The presence of bound Ln ions gives rise to changes in the ultraviolet absorbance of G-actin. Previously, Ln ions have been shown to mobilize the adenosine moiety of ATP bound to the actin monomer. The changes in ultraviolet absorbance appear to be fully attributable to this mobilization. Any structural changes induced in G-actin by the substitution of Ln ions for Ca2+ must be small enough so as not to perturb the environment of any aromatic chromophores other than those exposed by the mobility of the nucleotide. This conclusion is supported by measurements of the rates of proteolytic digestion of actin with and without bound Ln ions. The effect of Ln ions on the actin-bound nucleotide is not simply due to the increase in positive charge on the actin monomer. This is demonstrated by the absence of any ultraviolet spectral changes on the addition of a fivefold excess of Ca2+. Analysis of the ultraviolet difference spectrum obtained when Ln ions bind to G-actin indicates that at least one tryptophan residue is partially exposed to the solvent coincident with mobilization of the nucleotide. Tb3+ luminescence enhancement studies indicate that there are no Trp, Tyr or Phe residues in the vicinity of the high-affinity cation site. These results suggest that the exposed Trp may be close to the nucleotide.

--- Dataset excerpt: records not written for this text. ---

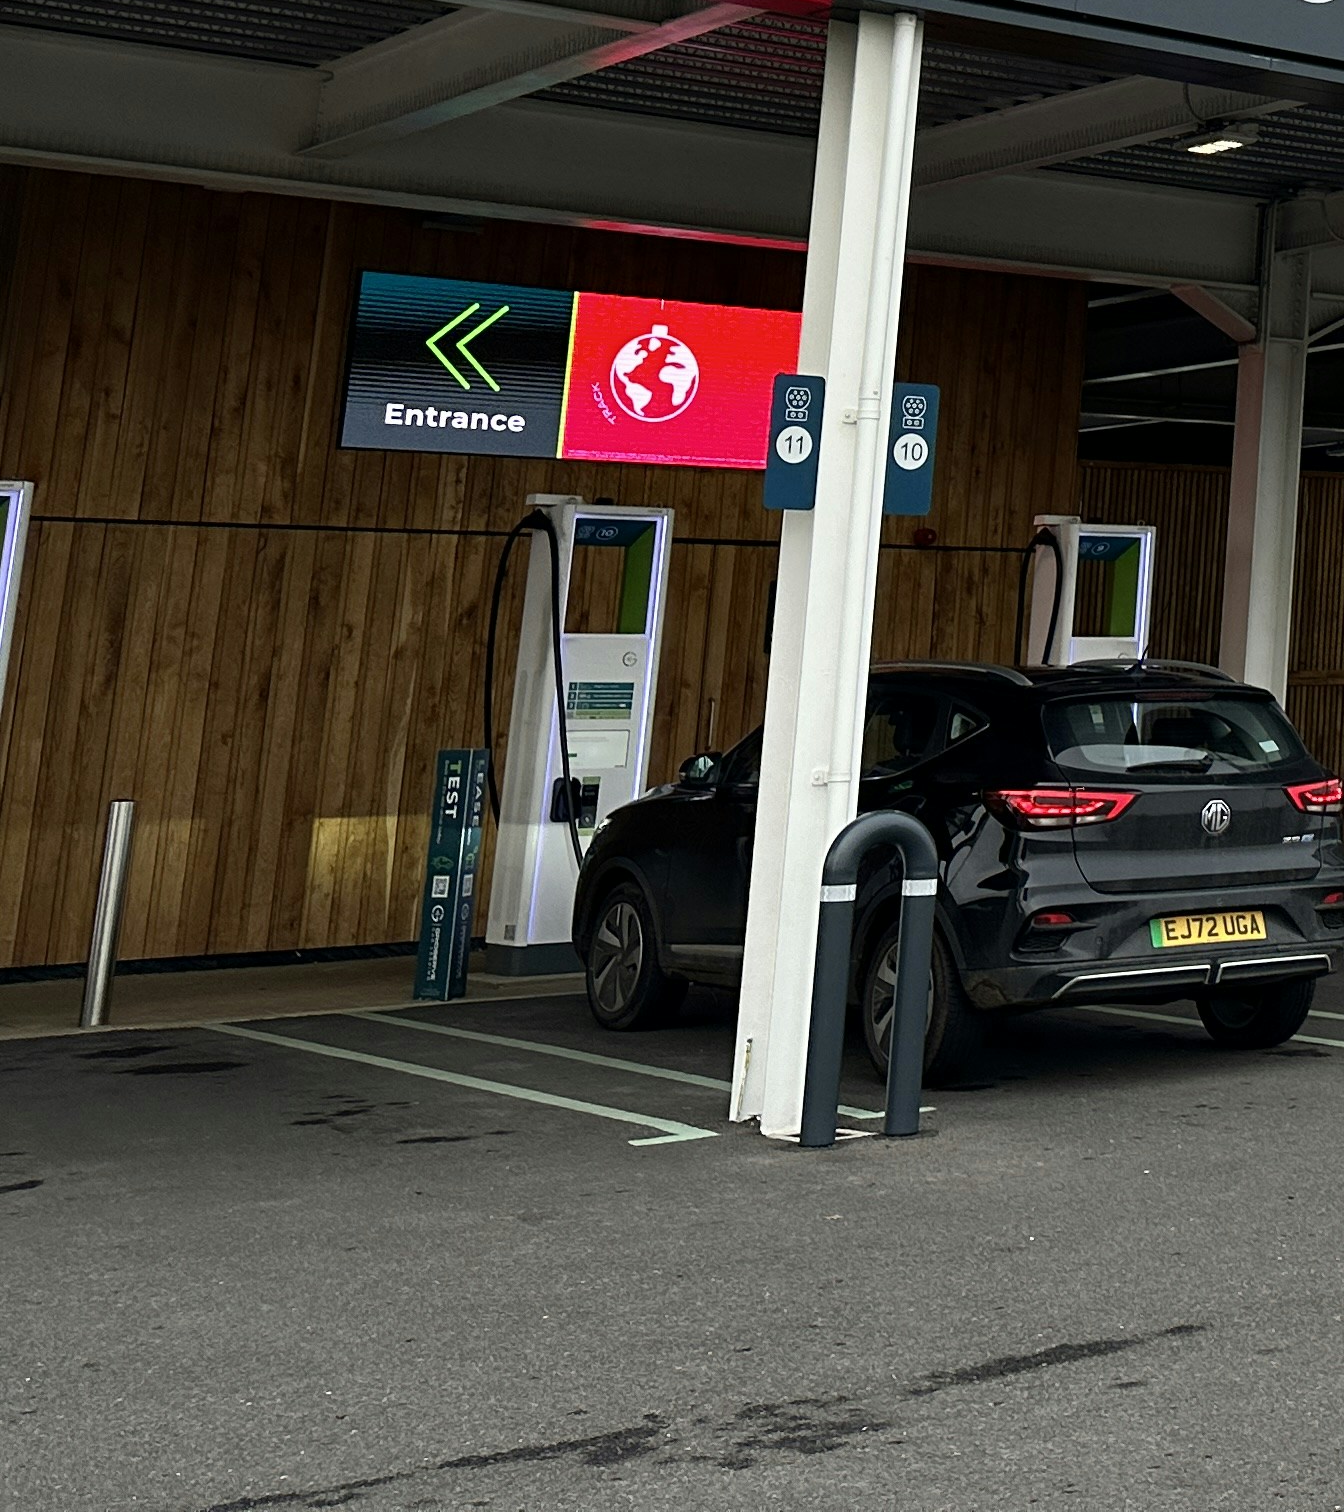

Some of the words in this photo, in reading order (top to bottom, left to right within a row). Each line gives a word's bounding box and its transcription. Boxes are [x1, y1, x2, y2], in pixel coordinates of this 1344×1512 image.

[384, 403, 526, 433] Entrance
[590, 381, 617, 425] TRACK
[784, 435, 804, 455] 11
[900, 442, 923, 462] 10
[445, 759, 462, 820] TEST
[1203, 801, 1230, 833] MG
[1164, 916, 1219, 941] EJ72
[1222, 913, 1261, 936] UGA
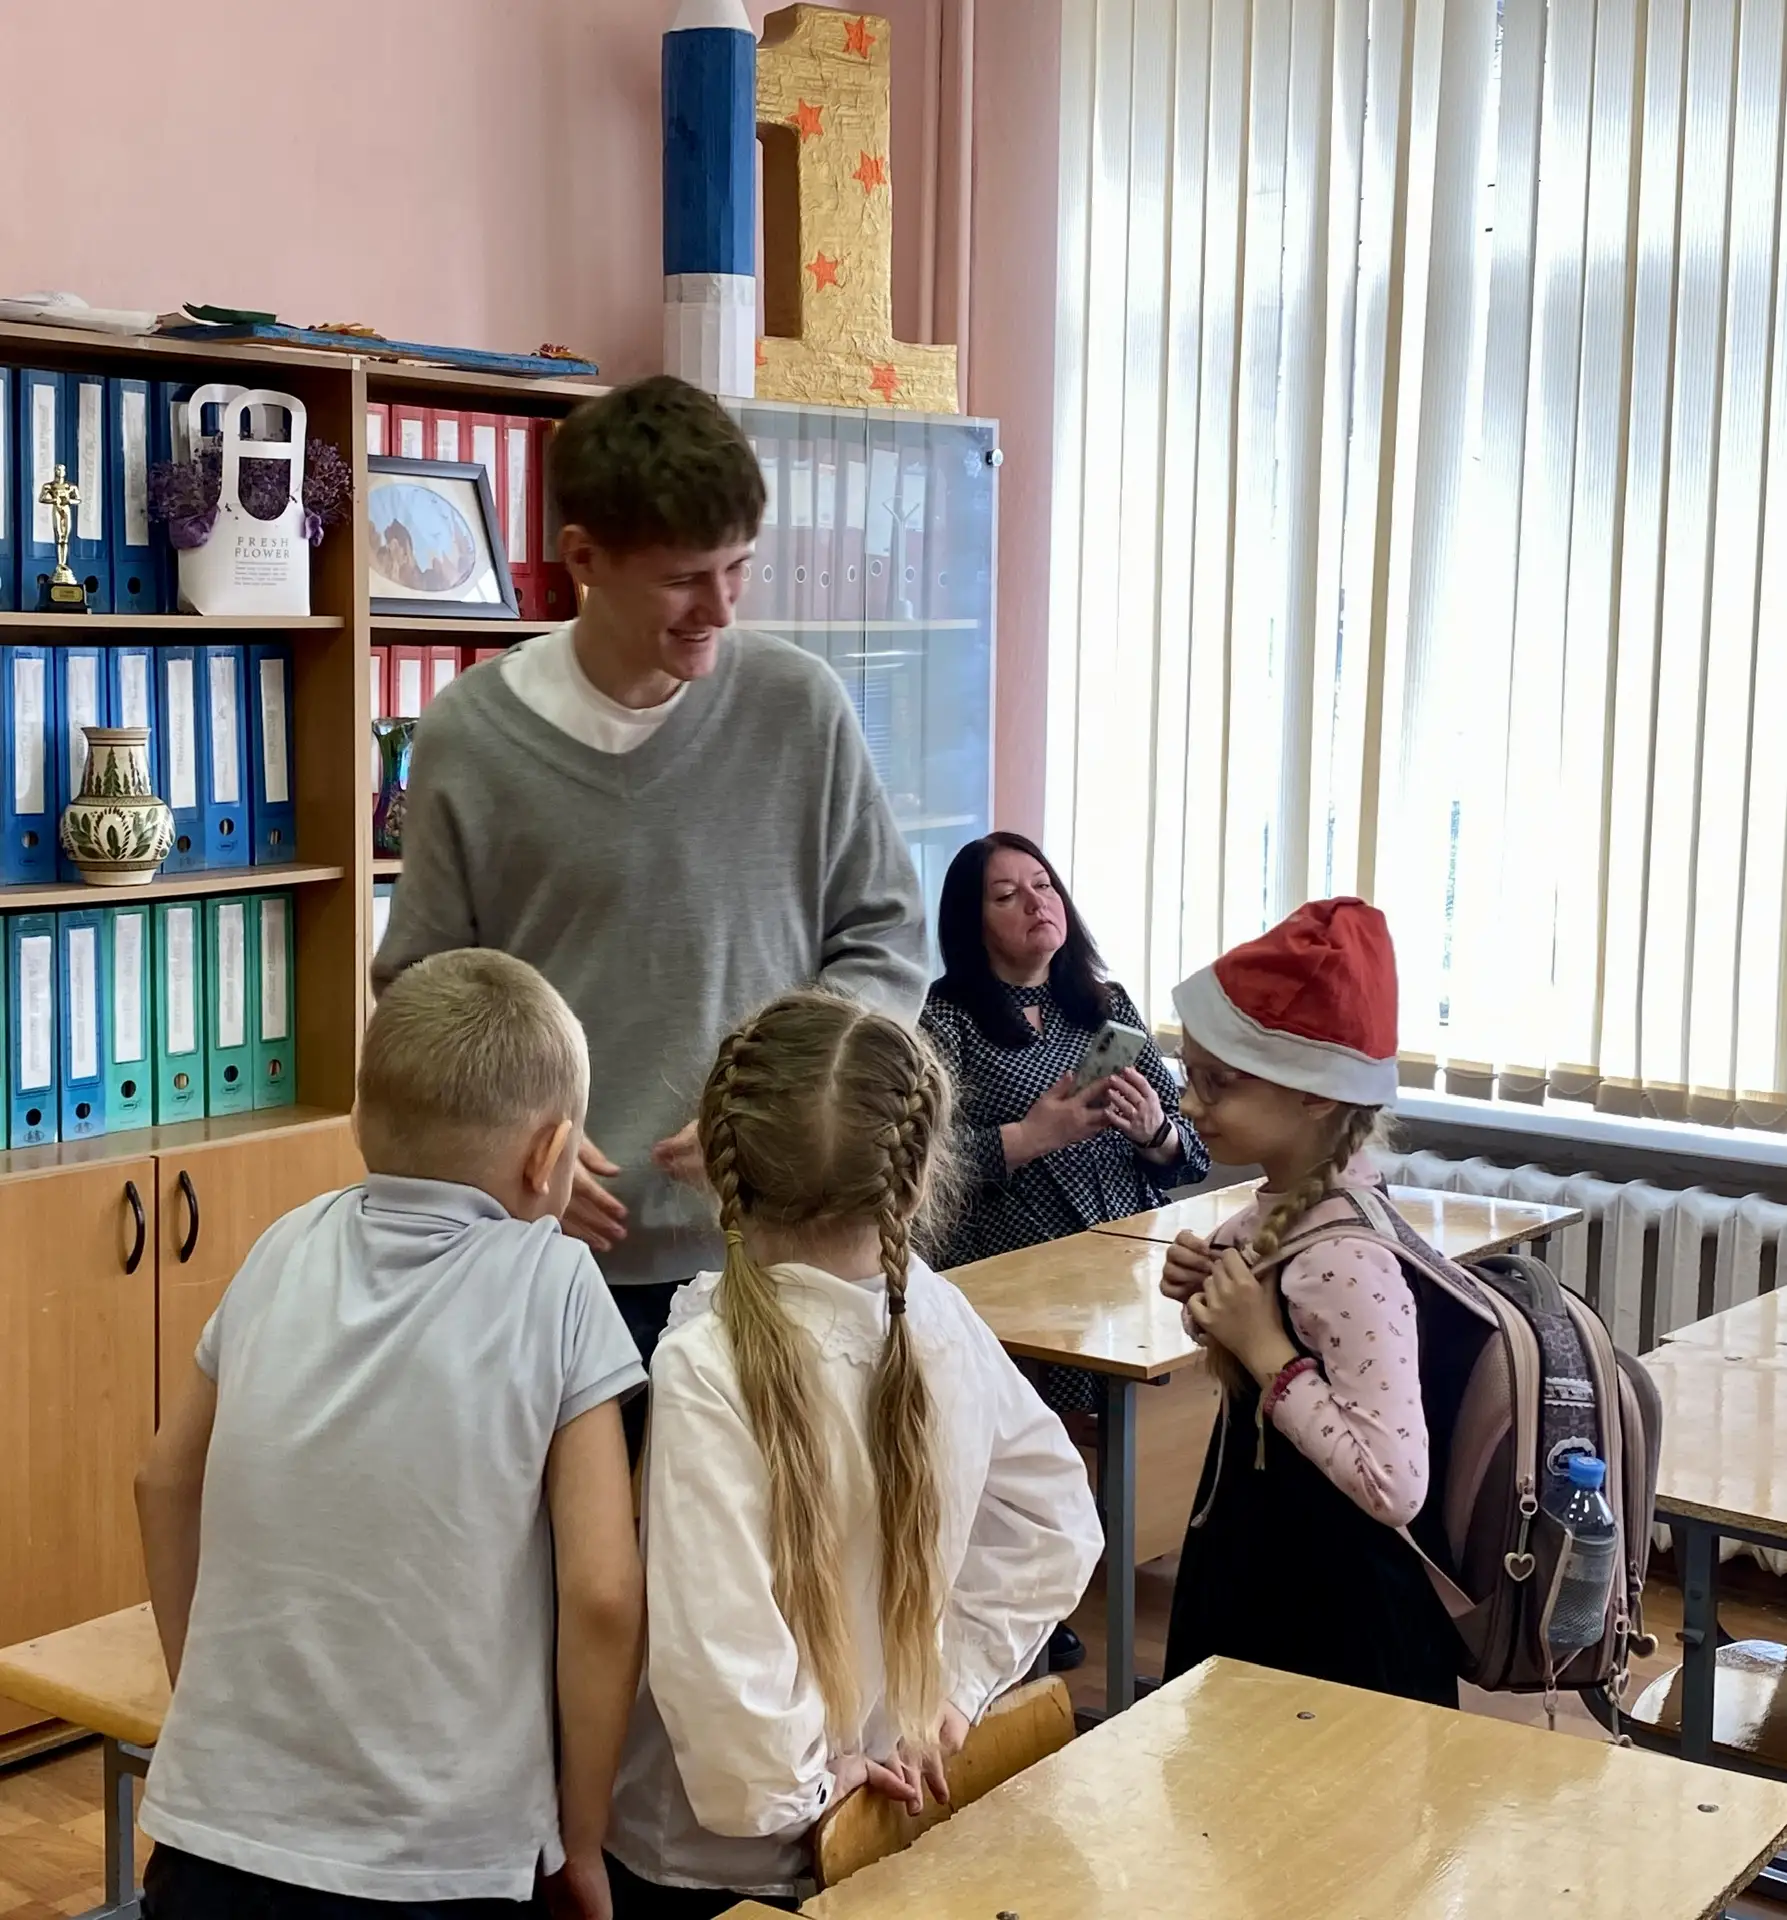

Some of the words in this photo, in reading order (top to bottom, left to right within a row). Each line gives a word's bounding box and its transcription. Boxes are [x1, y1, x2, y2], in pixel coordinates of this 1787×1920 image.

[756, 3, 959, 413] 1
[237, 536, 289, 548] FRESH
[234, 547, 290, 559] FLOWER
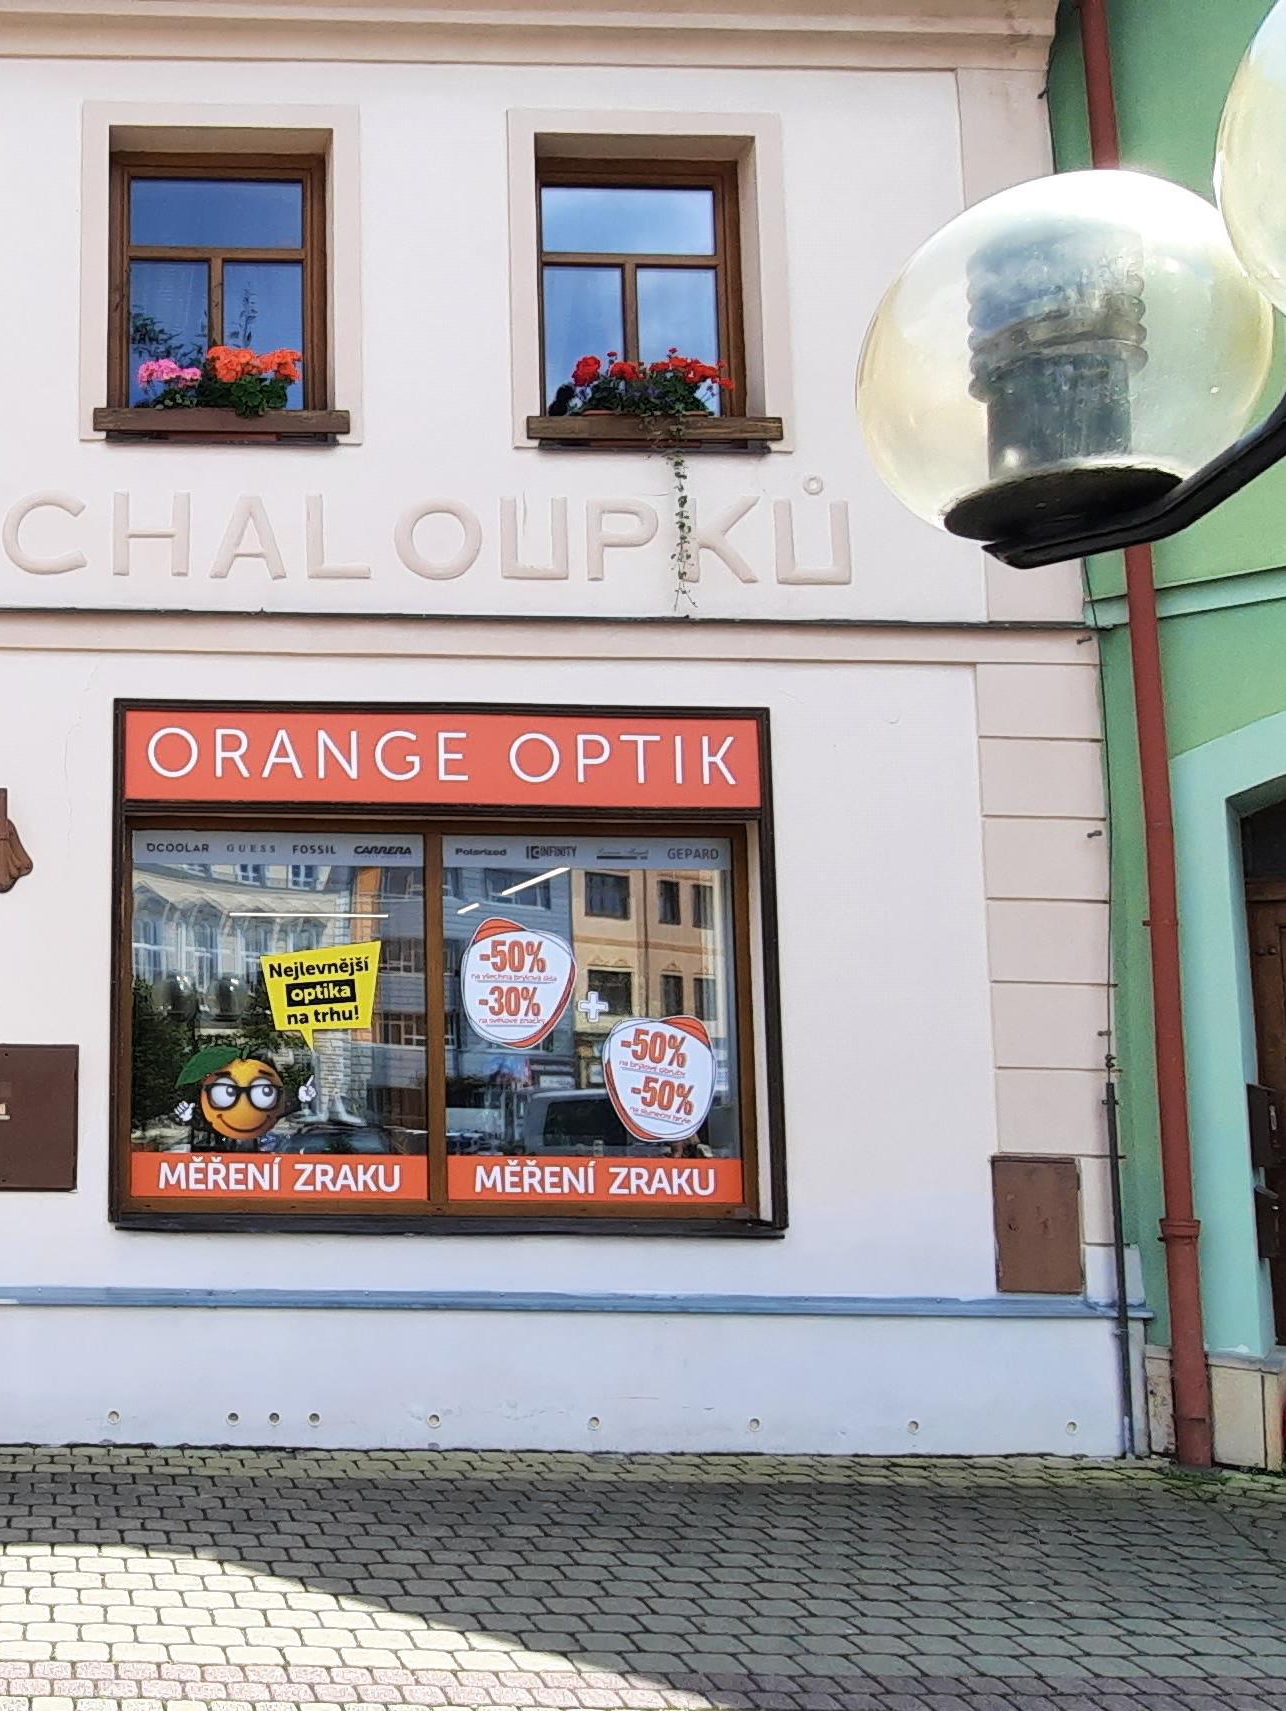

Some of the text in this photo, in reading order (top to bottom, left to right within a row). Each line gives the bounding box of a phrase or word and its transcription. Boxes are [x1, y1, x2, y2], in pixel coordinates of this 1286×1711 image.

[2, 474, 852, 585] CHALOUPKŮ
[146, 726, 738, 786] ORANGE OPTIK
[226, 843, 277, 854] GUESS
[292, 844, 337, 855] FOSSIL
[353, 845, 412, 856] CARRERA
[455, 847, 507, 857] Polarized
[667, 848, 719, 860] GEPARD
[268, 956, 370, 981] Nejlevnější
[479, 939, 547, 973] -50%
[290, 983, 352, 1004] optika
[478, 985, 542, 1017] -30%
[287, 1005, 360, 1025] na trhu!
[620, 1028, 688, 1069] -50%
[631, 1075, 694, 1116] -50%
[158, 1156, 402, 1193] MĚŘENÍ ZRAKU
[474, 1160, 716, 1196] MĚŘENÍ ZRAKU

结合的镧系离子的存在会导致G-肌动蛋白的紫外吸光度发生变化。此前,已表明镧系离子会使与肌动蛋白单体结合的ATP的腺苷部分发生移动。紫外吸光度的变化似乎完全归因于这种移动。用镧系离子取代Ca2+在G-肌动蛋白中引起的任何结构变化必须足够小,以免干扰除核苷酸移动所暴露的那些芳香发色团之外的任何芳香发色团的环境。这一结论得到了有或没有结合镧系离子时肌动蛋白蛋白水解消化速率测量结果的支持。镧系离子对肌动蛋白结合核苷酸的影响不仅仅是由于肌动蛋白单体上正电荷的增加。这通过加入五倍过量的Ca2+时没有任何紫外光谱变化得到证明。对镧系离子与G-肌动蛋白结合时获得的紫外差光谱的分析表明,至少一个色氨酸残基在核苷酸移动的同时部分暴露于溶剂中。Tb3+发光增强研究表明,高亲和力阳离子位点附近没有色氨酸、酪氨酸或苯丙氨酸残基。这些结果表明,暴露的色氨酸可能靠近核苷酸。